Traders received a few economic reports this morning. Specifically, existing home sales dipped to an annualized rate of 5.43 million units in the month of May. Analysts had been looking for a better showing. In the energy patch, according to the EIA, crude oil inventories declined by 5.9 million barrels during the latest recorded week. Tomorrow, we get a look at the weekly initial jobless claims, as well as a report on economic conditions in the greater Philadelphia region. In addition, the Conference Board’s Leading Indicators report for the month of May is due out.

In corporate news, a few high profile companies posted their results over the past 24 hours. Specifically, shares of Oracle (ORCL) moved lower, after the technology giant provided a weaker-than- expected outlook. Shares of FedEx (FDX) lost some ground, even though the company delivered a respectable report. In the M&A space, shares of Twenty-First Century Fox (FOXA) rose on acquisition-related news.

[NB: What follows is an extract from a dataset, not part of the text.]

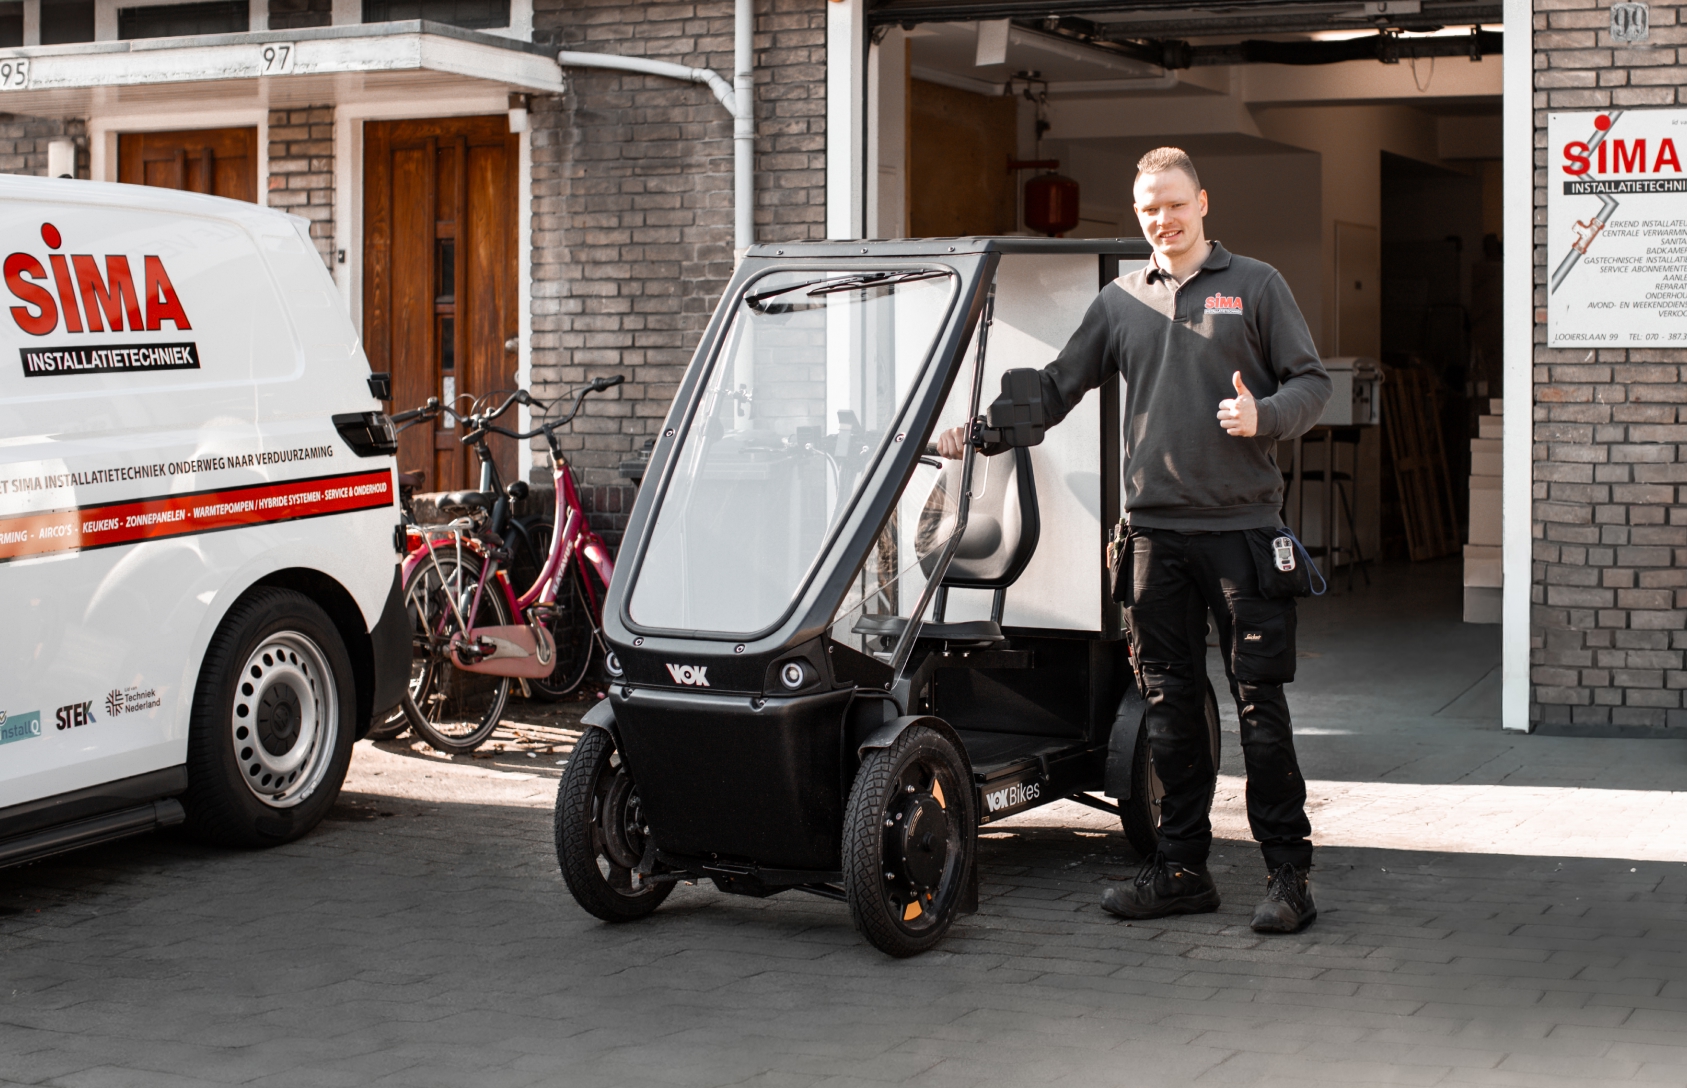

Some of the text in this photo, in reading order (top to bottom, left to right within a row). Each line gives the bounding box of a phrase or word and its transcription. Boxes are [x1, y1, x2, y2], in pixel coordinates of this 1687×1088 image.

Technically, the stock market remains volatile, as traders have no shortage of issues to turn their attention to. Further, the summer months are approaching, and that sometimes can have an impact on the markets.

— Adam Rosner

At the time of this article’s writing, the author did not have positions in any of the companies mentioned.

Before The Bell

Stocks continue to be affected by word of fresh tariffs either being imposed or threatened by the United States and its major trading partners. Tuesday’s trading reflected that trend, after President Trump threatened fresh levies on imports from China if that nation chose to retaliate against an earlier round of U.S. tariffs. The news sent the Dow Jones Industrial Average tumbling to a loss of 287 points.

The Dow’s performance has been dampened more this year than the other major averages by the trade disputes because many of its 30 component members are very large companies that conduct a sizable amount of international business. The S&P 500, with its greater diversification, has managed a small gain so far in 2018. Meanwhile, the NASDAQ, with the secular growth themes of its big-name companies, and the Russell 2000, with smaller names whose operations are focused domestically, have been relatively unscathed.

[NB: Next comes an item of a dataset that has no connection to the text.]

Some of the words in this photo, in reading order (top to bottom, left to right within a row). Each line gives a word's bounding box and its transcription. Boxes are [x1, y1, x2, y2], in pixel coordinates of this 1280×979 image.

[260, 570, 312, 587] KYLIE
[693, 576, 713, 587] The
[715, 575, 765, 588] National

The silver lining to yesterday’s poor showing was that the market finished off of its lows of the session. That seems to be the trend lately after a series of weak openings, with investors apparently believing a resolution to the disputes on trade and tariffs may still be within reach, or that the situation remains manageable if no further escalation occurs.

President Trump appears to be implementing a ``no pain, no gain’’ approach to extract trade concessions with major trading partners in conjunction with a feeling that the U.S. has the stronger hand. The feeling that the U.S. is righting wrongs is also in play. At this point, though, the countries involved have shown few signs of backing off of their positions.

Meanwhile, there is plenty of news on individual companies. Disney (DIS  Free Walt Disney Stock Report) has increased its offer to buy many of Twenty-First Century Fox’s (FOXA) assets. Comcast (CMCSA) had made a competing bid for the assets.

There was also word of a change in the composition in the Dow Jones Industrials. Walgreens Boots Alliance (WBA) will replace General Electric (GE  Free General Electric Stock Report) later this month, marking the end of an era.

In other markets, OPEC is meeting in Vienna to discuss the possibility of boosting oil production. The cartel, together with Russia and other major producers, has withheld 1.8 million barrels a day of supplies over the past year and a half to bring down global inventories. But problems in Venezuela, and the likelihood of sanctions diminishing Iran’s exports, have led OPEC to reassess the situation.

Looking ahead to today’s trading, the markets appear to be shrugging off gloomy news on trade and tariffs, and are pointing to a somewhat higher opening.

— Robert Mitkowski

At the time of this article’s writing, the author held positions in one or more of the companies mentioned.